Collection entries
= = =

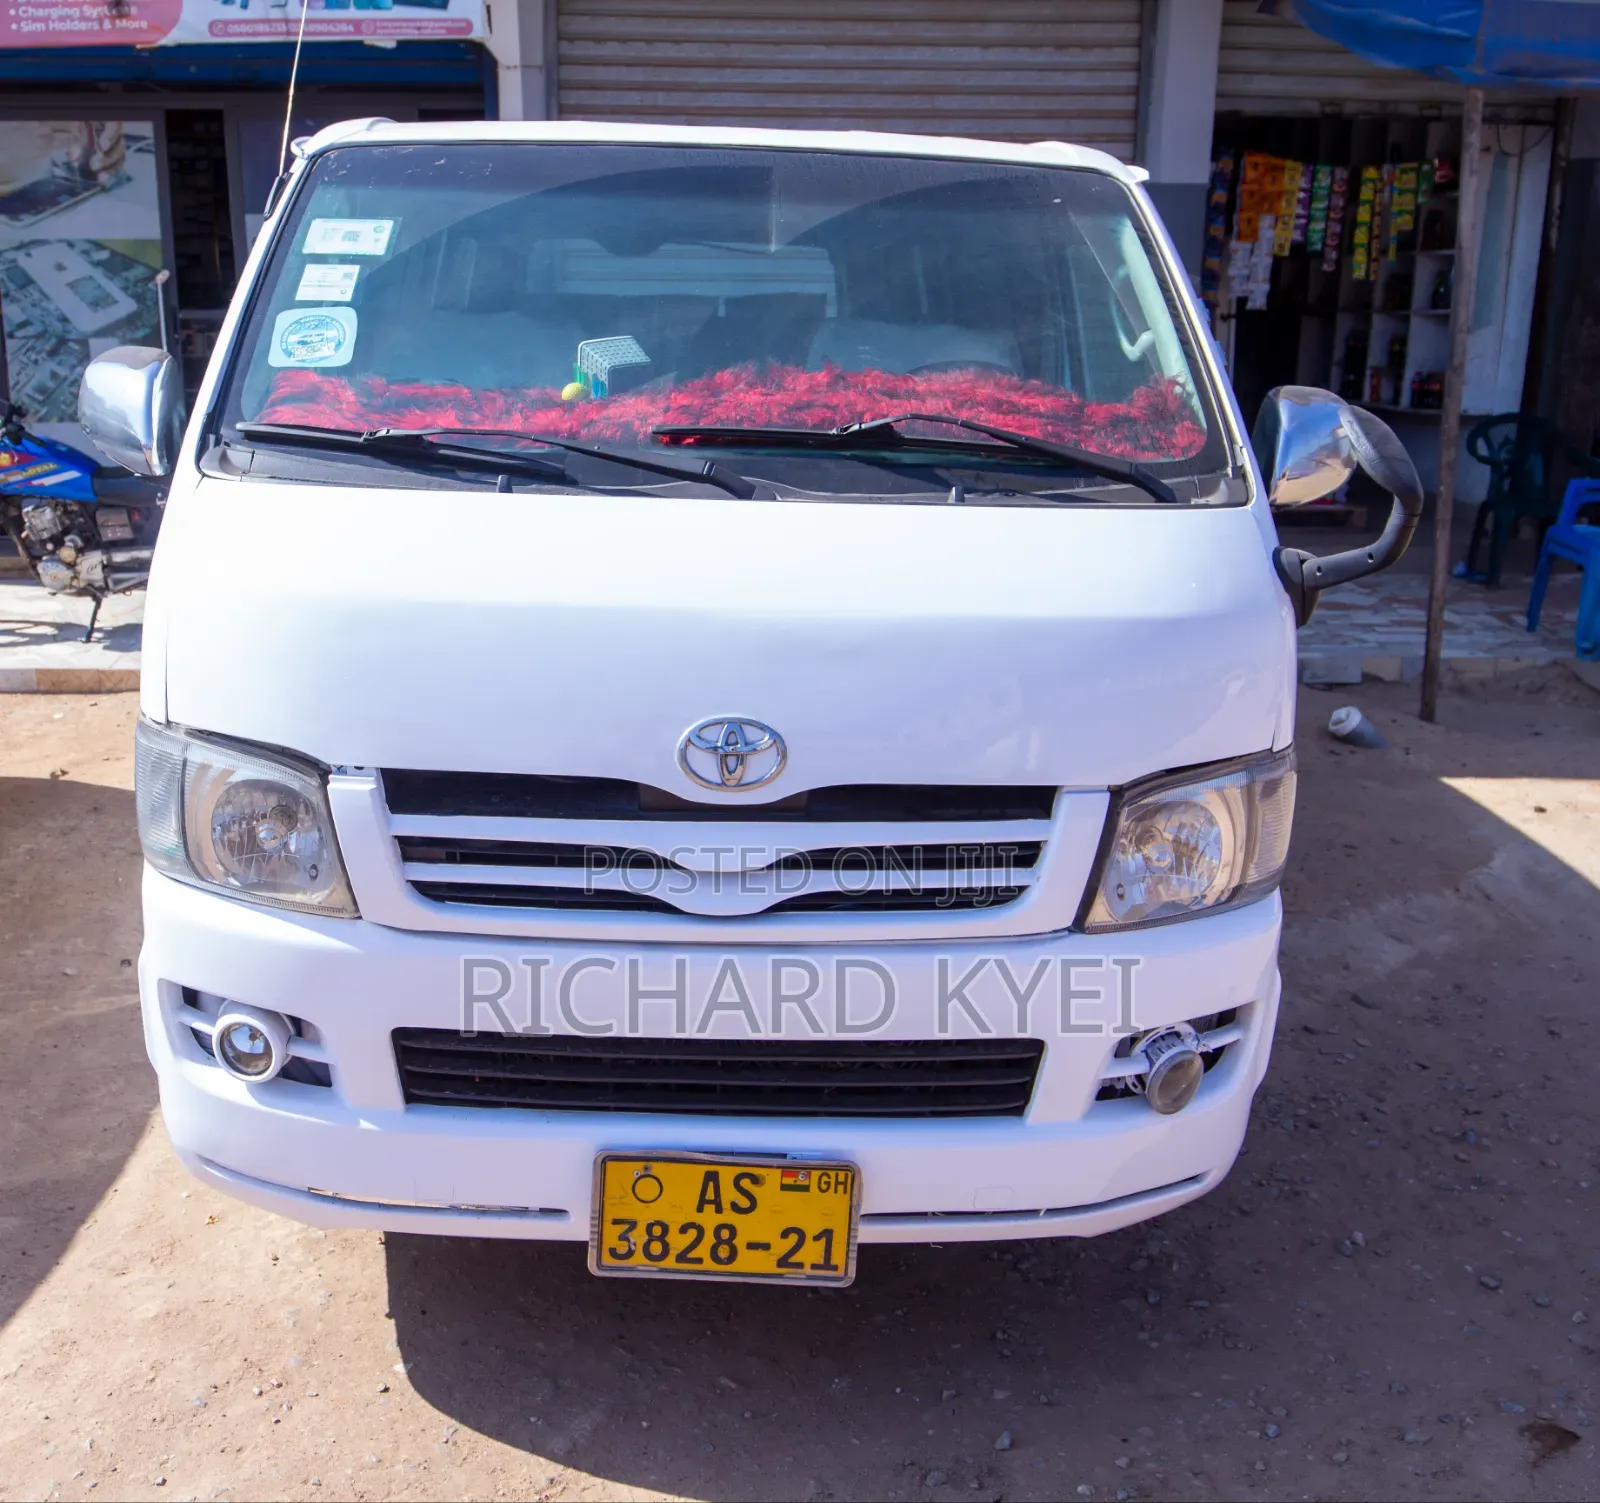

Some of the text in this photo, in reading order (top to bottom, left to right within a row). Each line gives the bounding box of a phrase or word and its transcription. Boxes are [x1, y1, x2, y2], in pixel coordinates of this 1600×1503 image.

[18, 5, 138, 19] Charging Systs
[20, 21, 45, 32] Sim
[49, 20, 99, 31] Holders
[116, 20, 148, 30] More
[696, 1170, 849, 1214] AS GH
[608, 1218, 839, 1271] 3828-21

= = =

What to work on. No pictures belong in the copy. Transcribe every entry exactly.

Exercise result.
Some of the text in this photo, in reading order (top to bottom, left to right within a row). Each line gives the bounding box of a phrase or word and its transcription. Boxes are [x1, y1, x2, y2], in pixel coordinates of this 1600×1503 image.

[18, 5, 138, 19] Charging Systs
[20, 21, 45, 32] Sim
[49, 20, 99, 31] Holders
[116, 20, 148, 30] More
[696, 1170, 849, 1214] AS GH
[608, 1218, 839, 1271] 3828-21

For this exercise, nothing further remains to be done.